When the Time’s Ripe

By Jessica Cortell

What is ripeness? Defined by birds, by the vine or by a winemaker?

For the winemaker, it’s the time when acids, sugars, anthocyanins, tannins and flavors converge in balanced harmony. This point is influenced by the winemaker’s preferences and winemaking style. Or sometimes, in Oregon, the harvest date is simply determined by the forecast of the start of the fall rains. 

So far, this year is colder than last year, which was also one of the coldest years on record, so winemakers are highly motivated to get the fruit as ripe as possible. Can it be accomplished by pulling leaves in the fruit zone or by fruit thinning? 

Increasing sunlight exposure in the fruiting zone through leaf removal has a number of well documented benefits, including reducing disease incidence, increasing sugars, lowering acids, improving flavor and aroma development, increasing biosynthesis of skin tannin and other phenolic compounds.

In a cool summer, removing leaves near the fruit as early as possible will provide the greatest benefit. This year growers have been experimenting with removing leaves before bloom instead of after fruitset and pulling leaves on both sides of the canopy — standard practice is to remove only leaves on the morning sun side but not on the afternoon side due to the risk of sunburn.

When the leaves are pulled early, the sunlight exposure can trigger the biosynthesis of flavonols, skin tannins and other phenolics. Flavonols function as grape sunscreen as they have UV protective qualities. These phenolics compounds found in skin contribute significantly to wine quality. While there might be a risk of sunburn on berries, this season the potential benefits of more extreme leaf pulling outweigh the risks.

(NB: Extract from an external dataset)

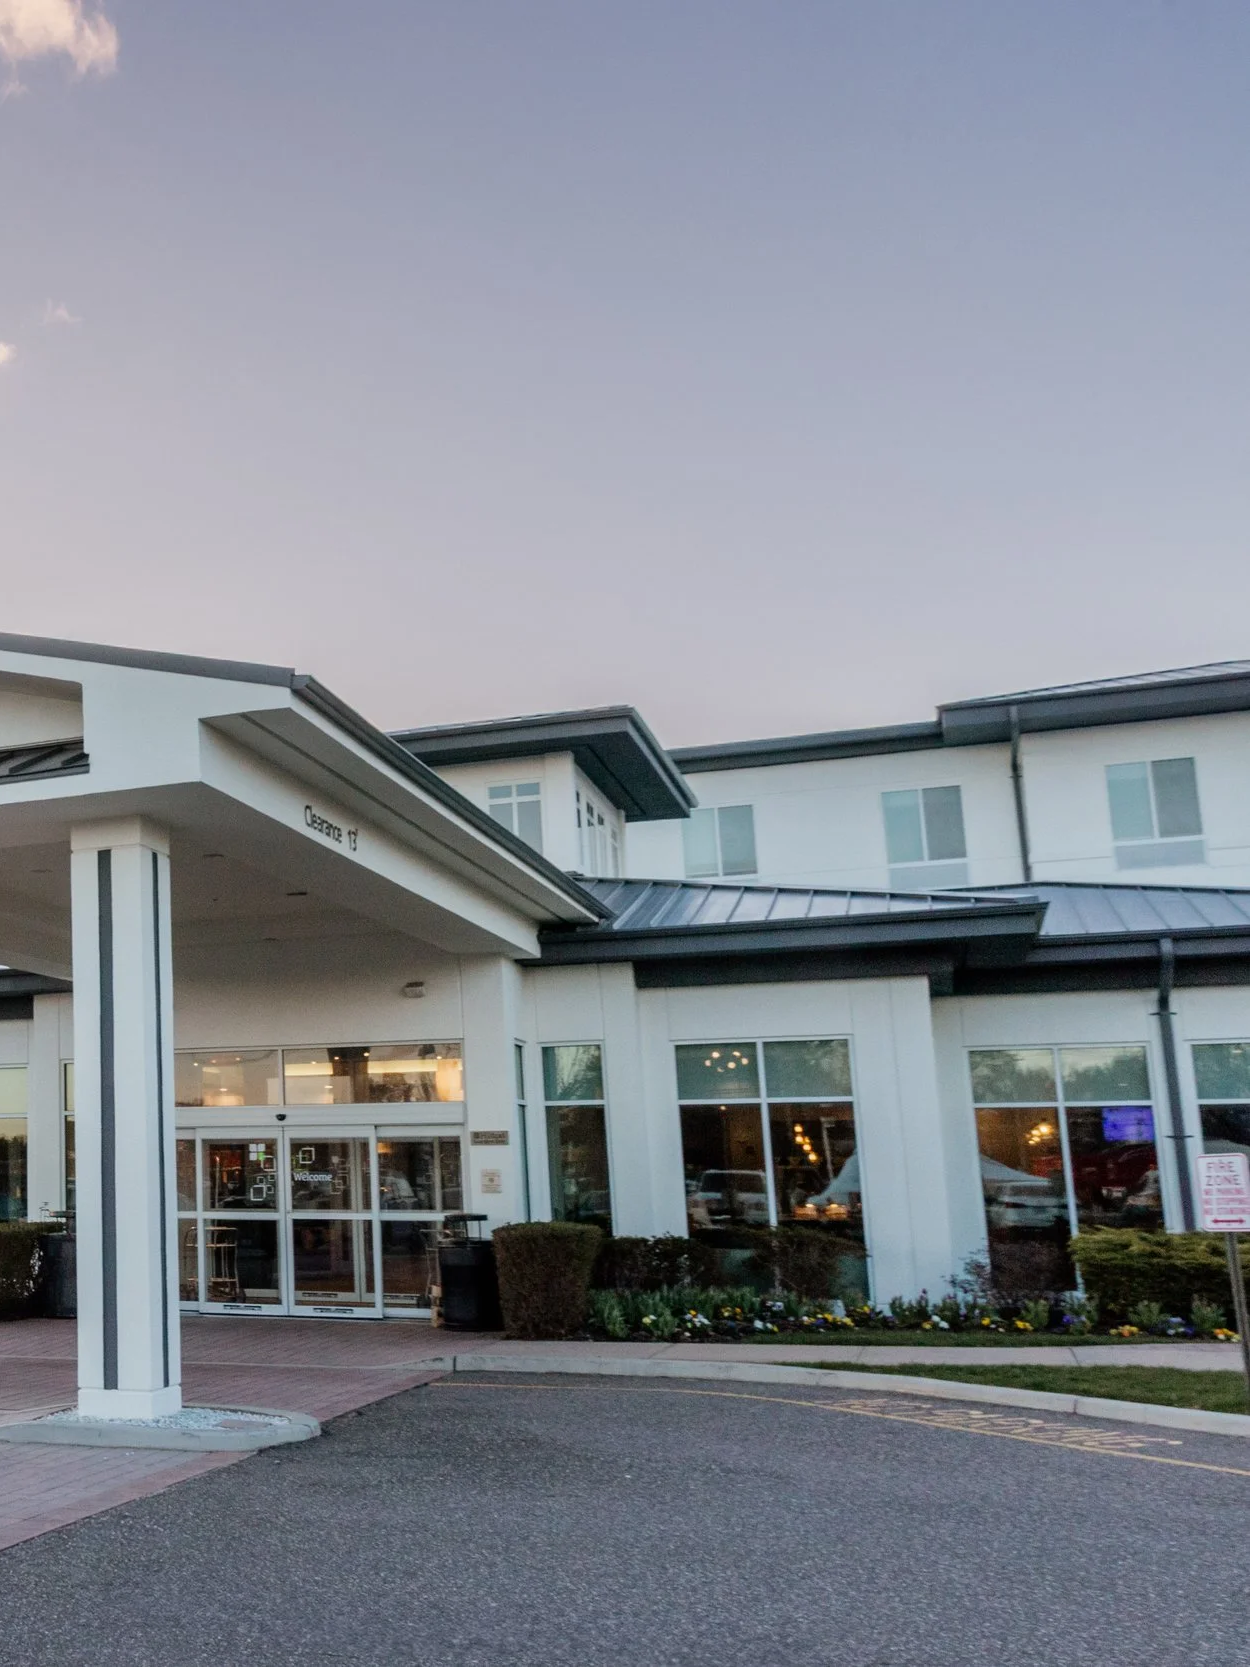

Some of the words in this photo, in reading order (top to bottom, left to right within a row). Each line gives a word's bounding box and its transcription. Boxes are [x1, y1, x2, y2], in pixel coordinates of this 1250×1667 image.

Leaf pulling and managing excess vigor is extremely important in Bordeaux varieties (Cabernet Sauvignon, Cabernet Franc, Merlot) because of a group of flavor/aroma compounds called methoxypyrazines. These compounds are responsible for the vegetal, green bell pepper flavor found in “underripe” Cabernets or Merlots. They need to be managed in the vineyard as there are limited options for handling them in the winery. One challenge is the threshold for detection in red wines can be as low as 10 to 15 parts per trillion.

Yield is often discussed as having a direct relationship with fruit and wine quality. The benefits of crop thinning or yield adjustment are not always so clear in knowing under what situations to drop fruit, how much to drop and the advantages. There are also economic implications in reducing the crop when fruit is being sold by the ton.

Several studies show little to no influence on sugar accumulation even with cutting the crop in half. So yield adjustment simply to increase sugars carries only limited benefits. Numerous studies also show little impact on acids or pH. The benefits of fruit thinning are sometimes harder to define in precise terms as they involve improved phenolics, flavor and aromas.

In a cool climate and vintage where you want all possible advantages, making appropriate fruit thinning decisions can assist in producing high quality fruit.  In terms of yield adjustment, the crop should be adjusted to fit the conditions, which include climate, vine age, rootstock, clone, site factors, drought stress, vine vigor and others.

A small crop on high vigor vines can result in delayed ripening while cropping young vines or vines with compromised canopy health can also prolong ripening. A balanced vine under moderate water stress with an appropriate crop load and a healthy canopy is the best bet to achieve fruit ripe.

There are different strategies and timing of fruit thinning. I like to keep yield adjustment separate from “qualitative” fruit thinning. As mentioned above, yield adjustment is done by determining an appropriate crop level for the vines. This is often determined by counting and weight clusters during the lag phase and multiplying by two to get an estimated harvest weight.

Last year in the Willamette Valley, there were small clusters and naturally low yields. Some people reacted to the cool season and thinned to one cluster per shoot, only to have very little fruit in the end by the time diseases and birds took some.

This year, very large clusters have been observed in most vineyards. At lag phase, they are already weighing the same as our final weights in 2010! This vintage one cluster per shoot makes more sense. Some clusters have an impressive 130 to 160 berries, while last year many had only around 70 berries per cluster. This is a huge difference in cluster size. The combination of large clusters and a cool vintage suggest careful yield adjustment.

Qualitative fruit thinning involves dropping flowers or fruit behind in ripening or have other issues such as disease or sunburn. This means pruning wings, thirds and short shoots as they usually bloom later and continue to delay ripening.

While sugar levels might be similar to the main cluster body, other aspects of ripening, such as color and flavor, are behind in the wings. By removing these wings and clusters, the average ripening date advances and the ripening curve tightened. Another type of qualitative fruit thinning is to come through when approximately 80 to 90 percent of the fruit has turned color. The fruit that is behind is still green and is easy to see and to drop on the ground.

In addition to yield adjustment, qualitative fruit thinning has benefits in promoting maximum ripeness. In a hot year, this may not be as beneficial. The combination of careful fruit thinning, good leaf removal to expose clusters and maintaining a healthy canopy are within our power to do … then all we can do is have a barbecue or two and hope for a beautiful September and October.